Army Selection

#1
Right, I know there's probally a million topics on this. But could someone basicially explain the whole of their army selection 2 day and explain and tell what you did?

I also have another worry.. I'm fit running wise but weight wise I'm quite weak. Can someone advise what machines in the gym and food I shud eat to get strong fast? Arm curls is what I struggle on most, manage just about 10kg on that atm which is ridicilous but I believe I can achieve good.
 
#2
calum141 said:
Right, I know there's probally a million topics on this. But could someone basicially explain the whole of their army selection 2 day and explain and tell what you did?

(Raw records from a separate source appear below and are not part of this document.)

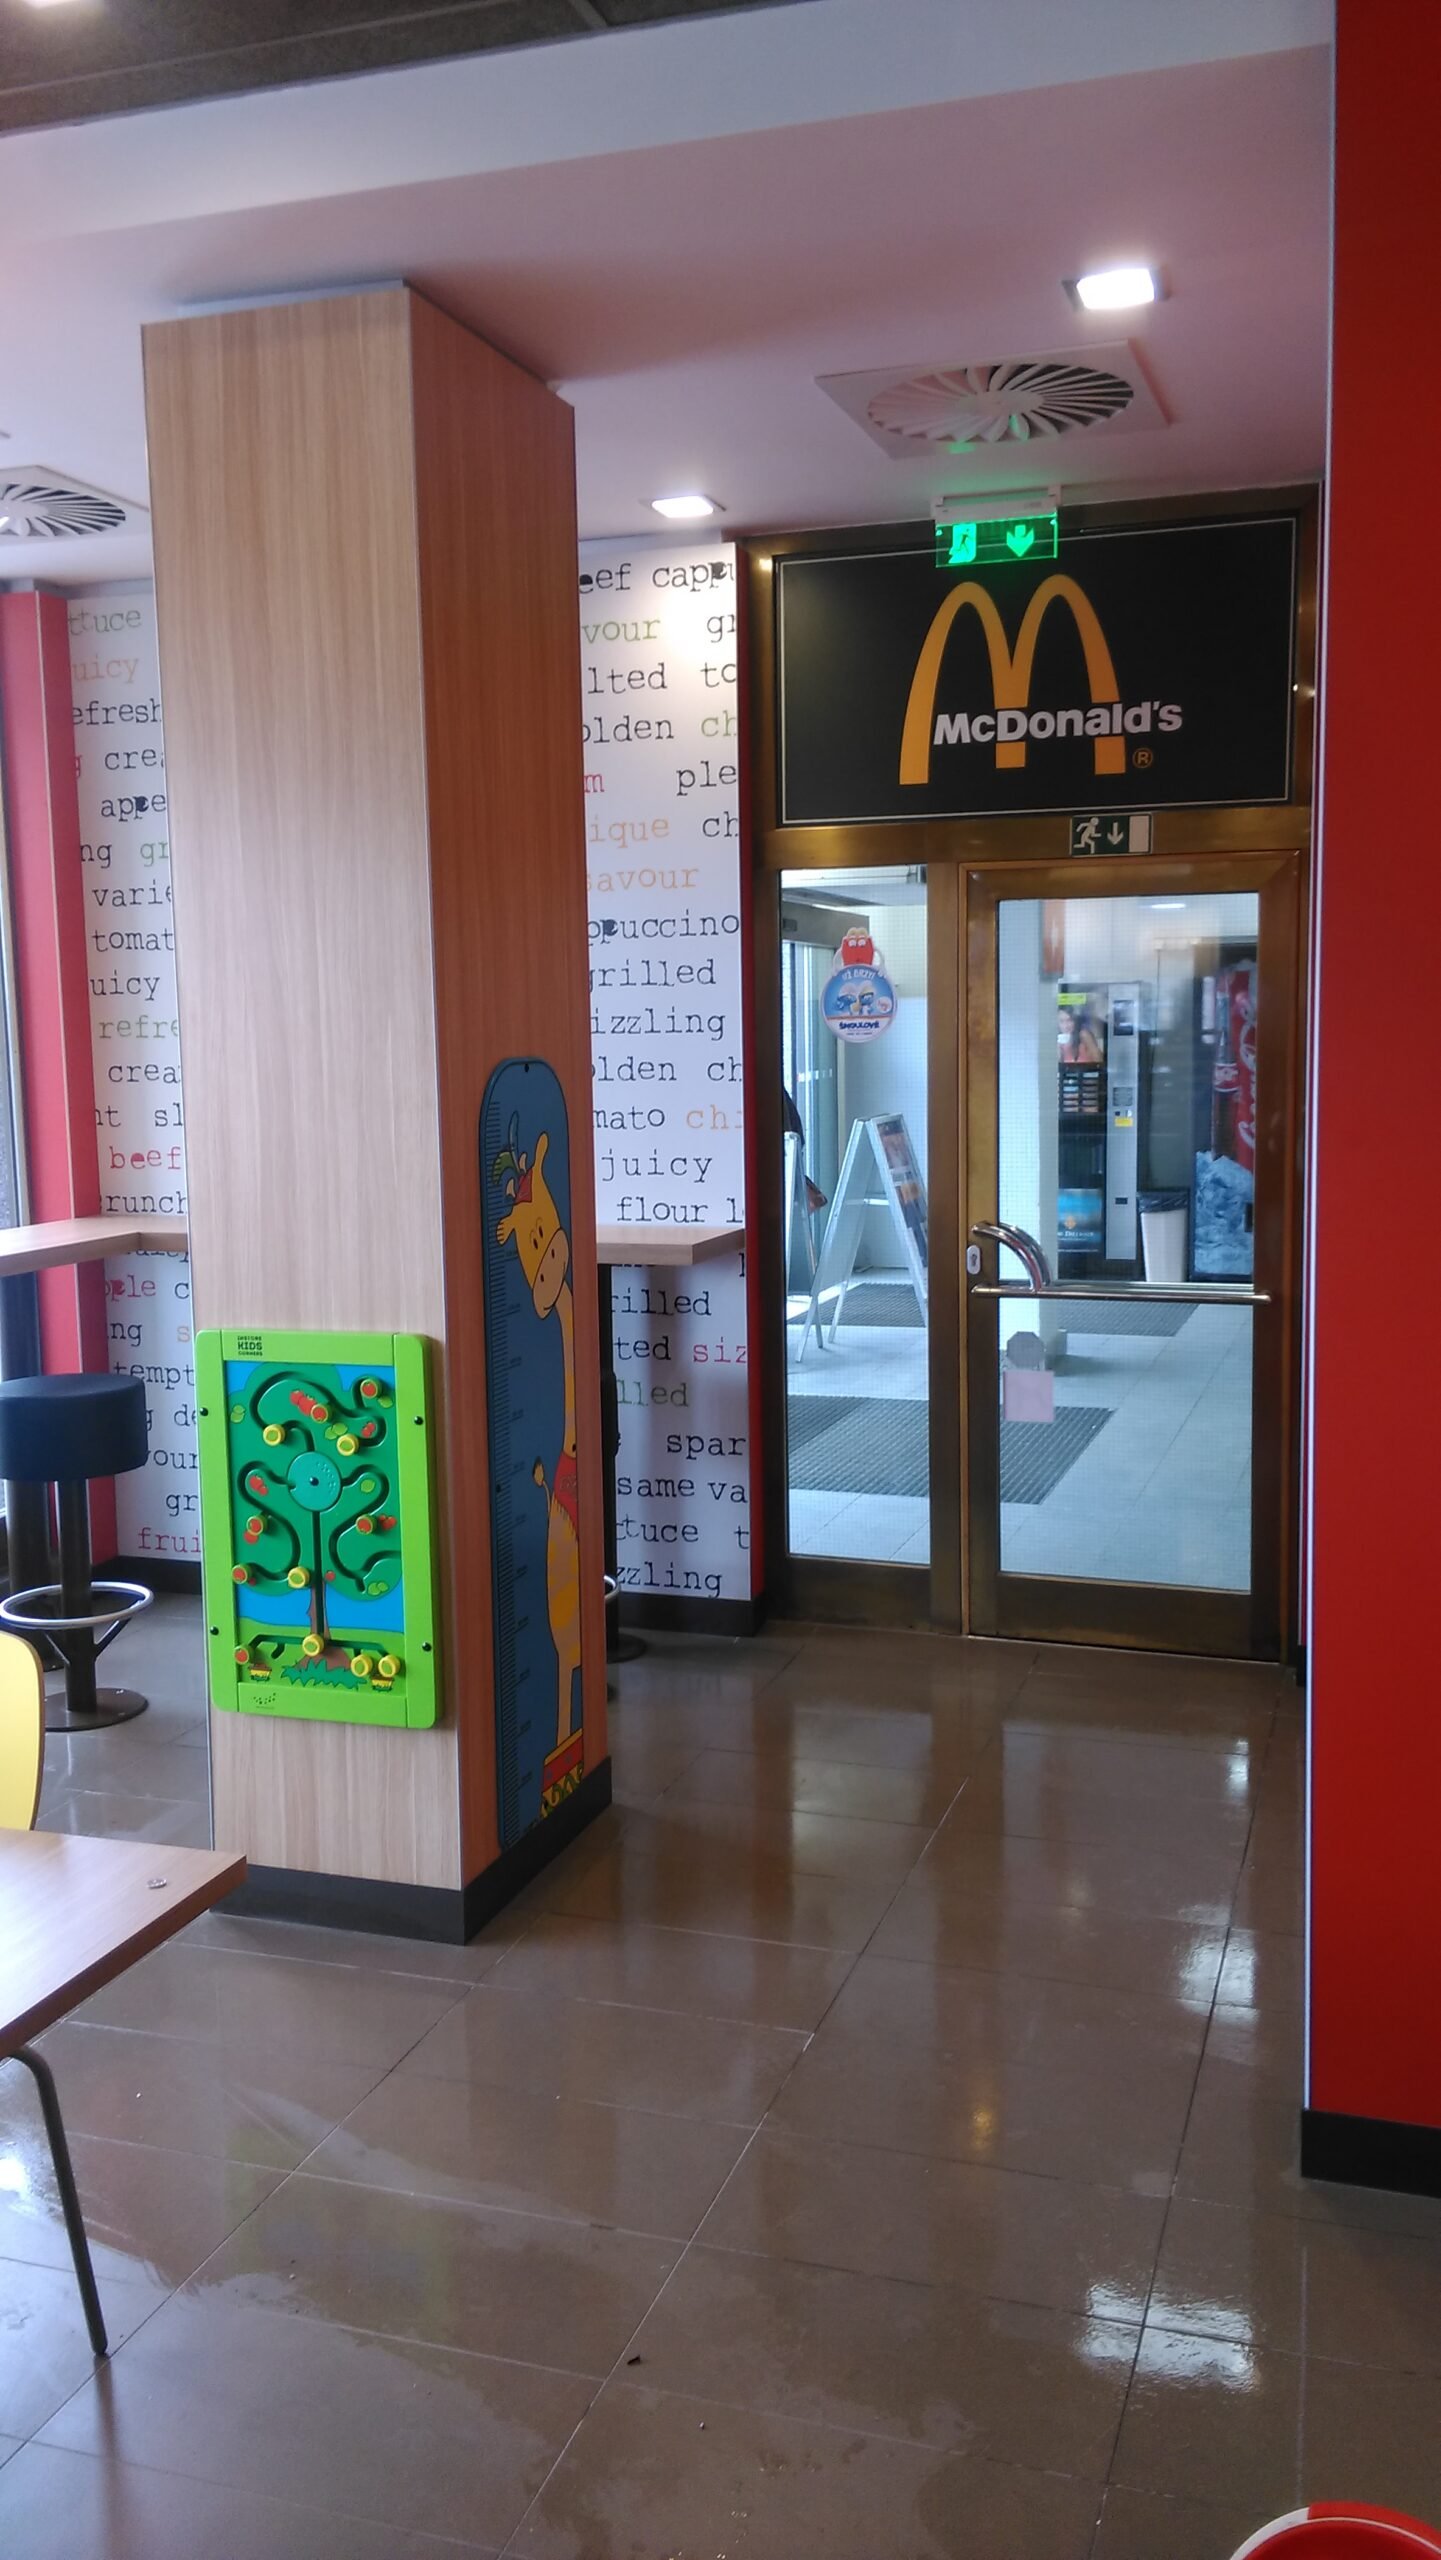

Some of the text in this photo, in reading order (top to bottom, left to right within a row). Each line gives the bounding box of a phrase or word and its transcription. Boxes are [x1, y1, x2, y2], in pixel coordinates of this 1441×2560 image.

[582, 620, 661, 645] vour
[73, 654, 138, 684] uicy
[587, 662, 668, 695] lted
[933, 700, 1184, 746] McDonald's
[104, 748, 164, 771] cre
[676, 760, 737, 797] ple
[589, 815, 670, 849] ique
[90, 969, 160, 1001] uicy
[591, 1006, 726, 1041] izzling
[108, 1063, 181, 1084] crea
[591, 1056, 678, 1082] lden
[109, 1146, 181, 1170] beef
[602, 1149, 713, 1183] juicy
[100, 1191, 186, 1214] runch
[617, 1197, 709, 1223] flour
[238, 1341, 263, 1351] KIDS
[616, 1336, 671, 1361] ted
[667, 1434, 746, 1460] spar
[617, 1476, 695, 1498] same

I also have another worry.. I'm fit running wise but weight wise I'm quite weak. Can someone advise what machines in the gym and food I shud eat to get strong fast? Arm curls is what I struggle on most, manage just about 10kg on that atm which is ridicilous but I believe I can achieve good.
Horse steroids.
 
#3
Ok seeing as the search button obviously isn't working for you... :x

Army selection takes place at a ASDC (Army Selection and Development Centre) of which there are few dotted around the country. This is a two day course that tests your ability to do the following...

• Run a 1.5 mile distance in a limited amount of time (Dependant on the role you go for)

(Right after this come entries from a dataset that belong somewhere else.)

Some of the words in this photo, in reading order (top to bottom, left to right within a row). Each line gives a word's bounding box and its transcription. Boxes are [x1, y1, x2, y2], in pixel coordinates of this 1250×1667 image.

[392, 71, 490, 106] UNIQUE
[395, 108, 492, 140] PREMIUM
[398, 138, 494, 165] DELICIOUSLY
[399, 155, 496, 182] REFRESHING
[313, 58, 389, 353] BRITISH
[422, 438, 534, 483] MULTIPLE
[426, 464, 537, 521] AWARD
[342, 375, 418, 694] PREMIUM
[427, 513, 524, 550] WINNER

• Lift up to 55kg in weight

• Carry two 20kg weights (In the form of two water filled jerry cans, one in each hand) up to a distance of 150m

• Various agility and strength tests such as pull ups, pull tests, etc. Press ups and sit ups are rarely tested at ASDC (But you should practise them all the same as you will do loads of them when you get to basic)

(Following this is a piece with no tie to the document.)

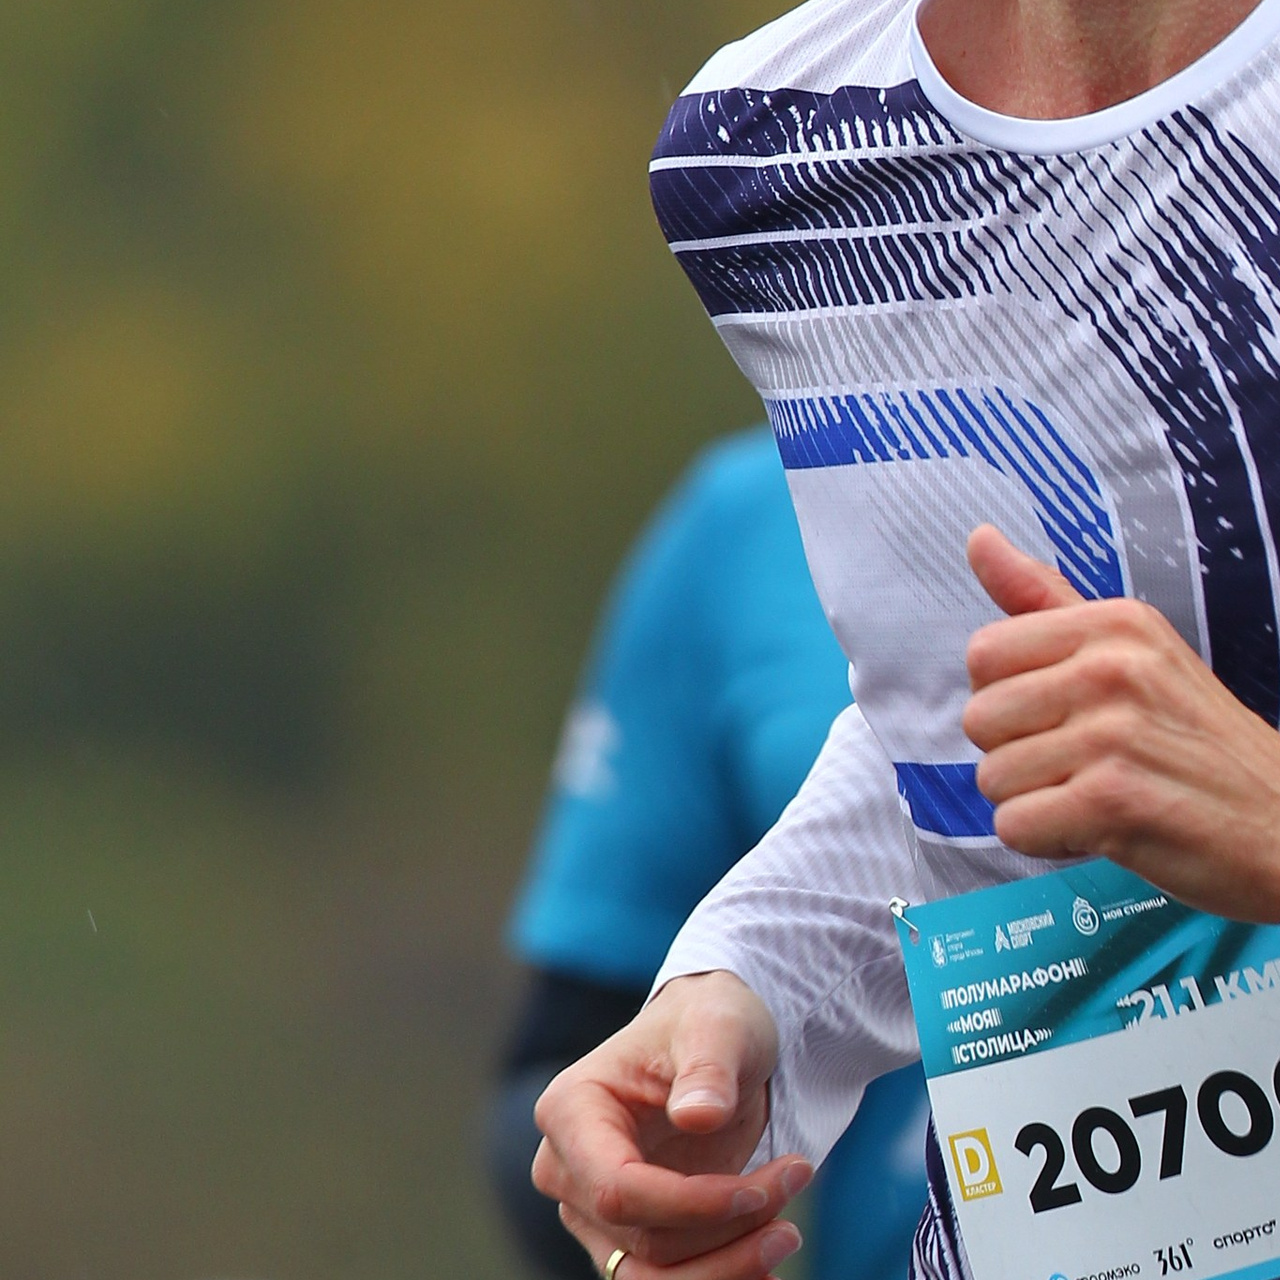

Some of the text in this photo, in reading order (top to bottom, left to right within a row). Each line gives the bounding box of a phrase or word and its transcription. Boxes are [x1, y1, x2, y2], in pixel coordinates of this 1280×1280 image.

[1123, 896, 1168, 916] СТОЛИЦА
[942, 957, 1089, 1010] ПОЛУМАРАФОН
[954, 1136, 990, 1187] D

• Team tests to see how well you perform when working as a team.

• Medicals to see if your healthy and fit enough to go for basic training.

• A basic test to see how well you retain information and a technical test if your going for a technical role.

As for fitness, if your ok running wise concentrate on pressups and sit ups. You don't need mega amounts of muscle, it's all about aerobic fitness. Provided you can lift 55kg with two hands your sweet.
 
#4
If you know there's relevant topics already asking/answering youe question then why make a subject on it?

The programme at the ADSC in short will give you a insight into the Army and consists of:

A full medical examination to ensure that you are fit enough to join the army an also undergo training without incurring any injury.

Gymnasium tests on Day 1 at the centre which concerntrates on upper body strength and a best effort 1.5 mile run early on day 2 usually 8.00 - 8.30AM.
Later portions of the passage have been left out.